Susana le da la vuelta a la realidad porque sabe que en el fondo Rajoy no quiere la repetición de las elecciones, que antes de llegar a eso será el PP el que permita su gobierno. Díaz navega con ventaja bajo una tormenta que ella misma ha provocado. Su olfato político y su popularidad juegan a su favor en una comunidad en la que el PSOE disfruta de una situación mediática muy favorable.
Claro que el Partido Popular tampoco le va a regalar la abstención. Juanma Moreno le pone de condición a Susana Díaz que siga una política económica acorde a la del Gobierno de Rajoy y que facilite la llegada al poder de la lista más votada en los ayuntamientos en las próximas elecciones municipales del 24 de mayo.
El CIS apunta a un ascenso del PSOE y un desplome de Podemos
Habrá que acostumbrarse a este panorama. Aunque históricamente populares y socialistas comparten un rosario de desencuentros políticos, se avecina una etapa de inestabilidad política en la que los pactos van a jugar un papel decisivo en la formación de gobiernos.

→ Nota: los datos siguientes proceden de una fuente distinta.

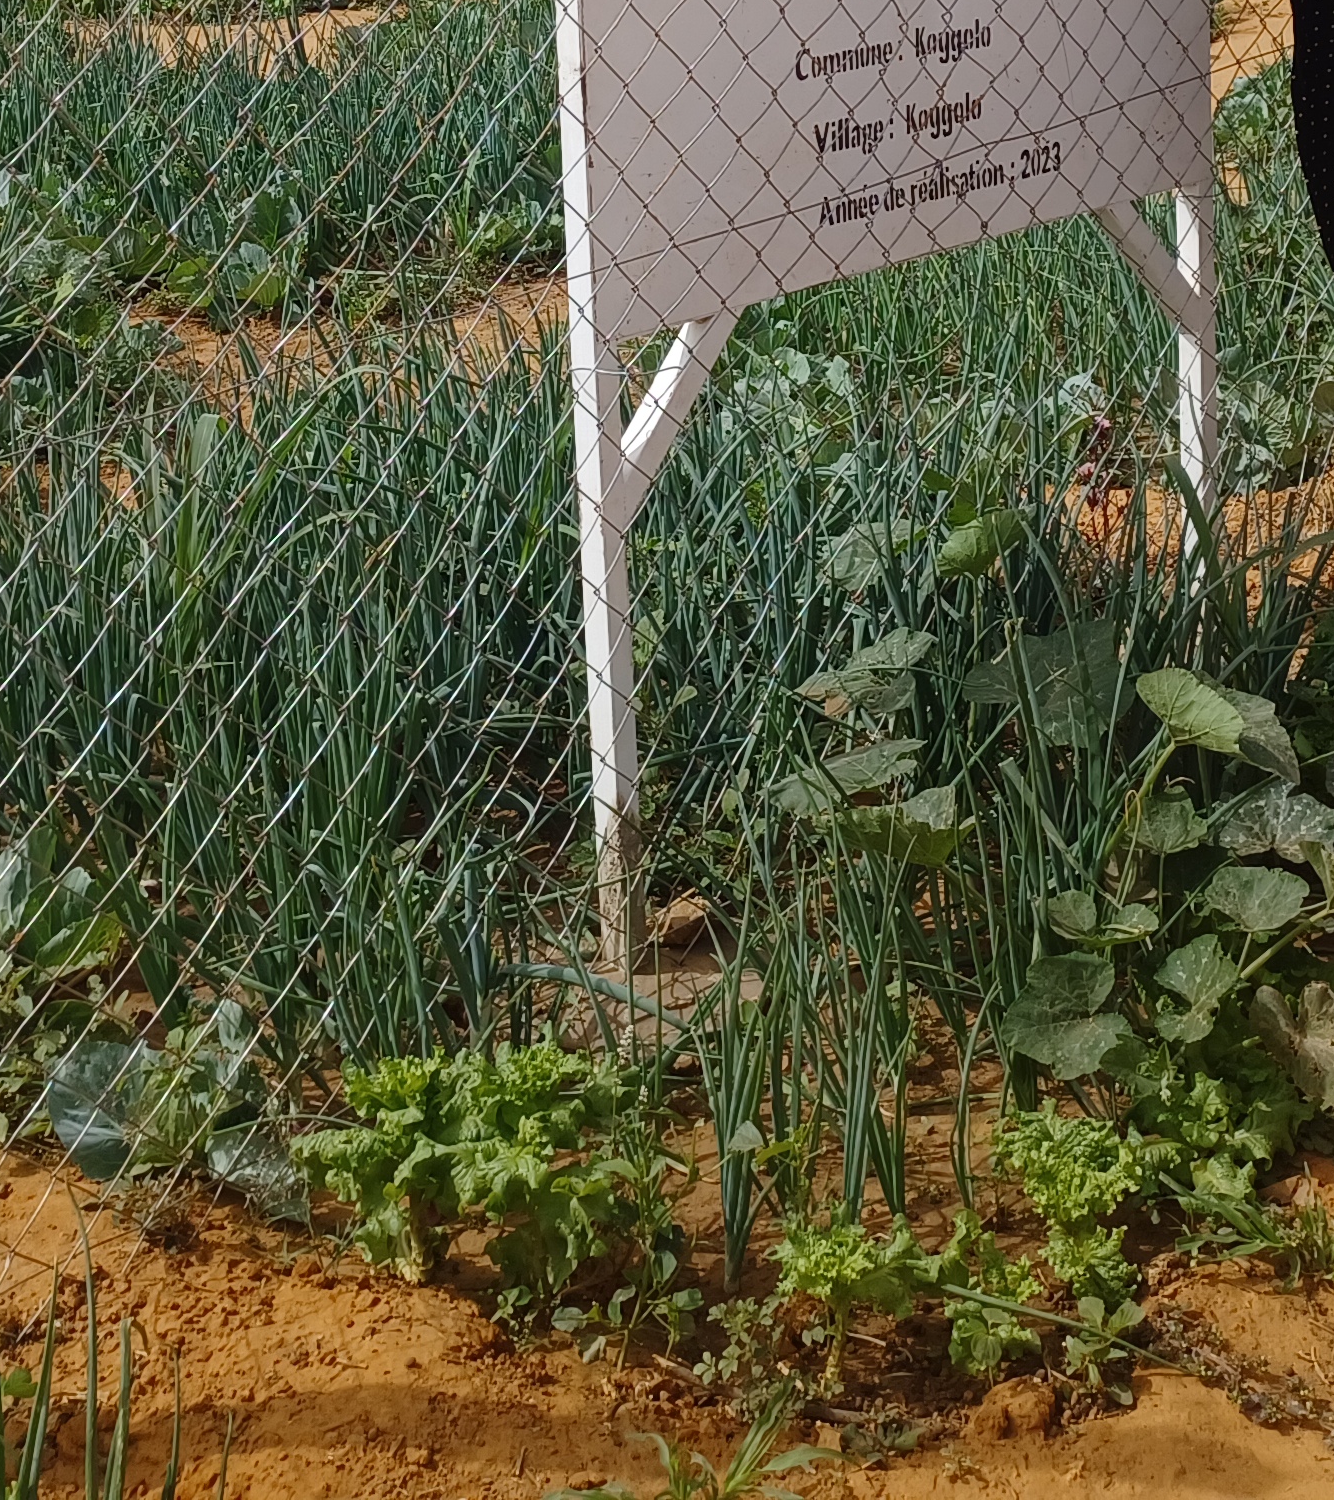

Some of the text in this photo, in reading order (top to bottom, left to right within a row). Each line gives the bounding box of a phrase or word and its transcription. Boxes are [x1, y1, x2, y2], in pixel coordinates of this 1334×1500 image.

La encuesta de ayer del CIS arroja unos resultados no del todo malos para el bipartidismo. Mientras el PP seguiría siendo la fuerza más votada -aunque sigue cayendo hasta los 19 puntos respecto a 2011-, el PSOE vuelve a ser la segunda fuerza de España en detrimento de Podemos.
Los populares tienen una intención de voto del 25,6% mientras que los socialistas sólo caen 4,5 puntos en comparación con las últimas elecciones generales. El partido de Pedro Sánchez obtendría un 24,3% de los votos, apenas un punto por debajo del PP. Se puede hablar de empate técnico.
La mala noticia de este sondeo es para Podemos. Los de Pablo Iglesias siguen desinflándose y hoy serían la tercera fuerza con un 16,5% de los votos. Son casi siete puntos y medio menos que en la última encuesta de enero. Muy cerca está ya Ciudadanos, que ocupa la cuarta con una previsión de voto del 13,8%.
Por lo tanto, la conclusión de este último sondeo demuestra que la situación que hoy se vive en Andalucía es el paradigma de lo que va a suceder en toda España a partir del 24 de mayo.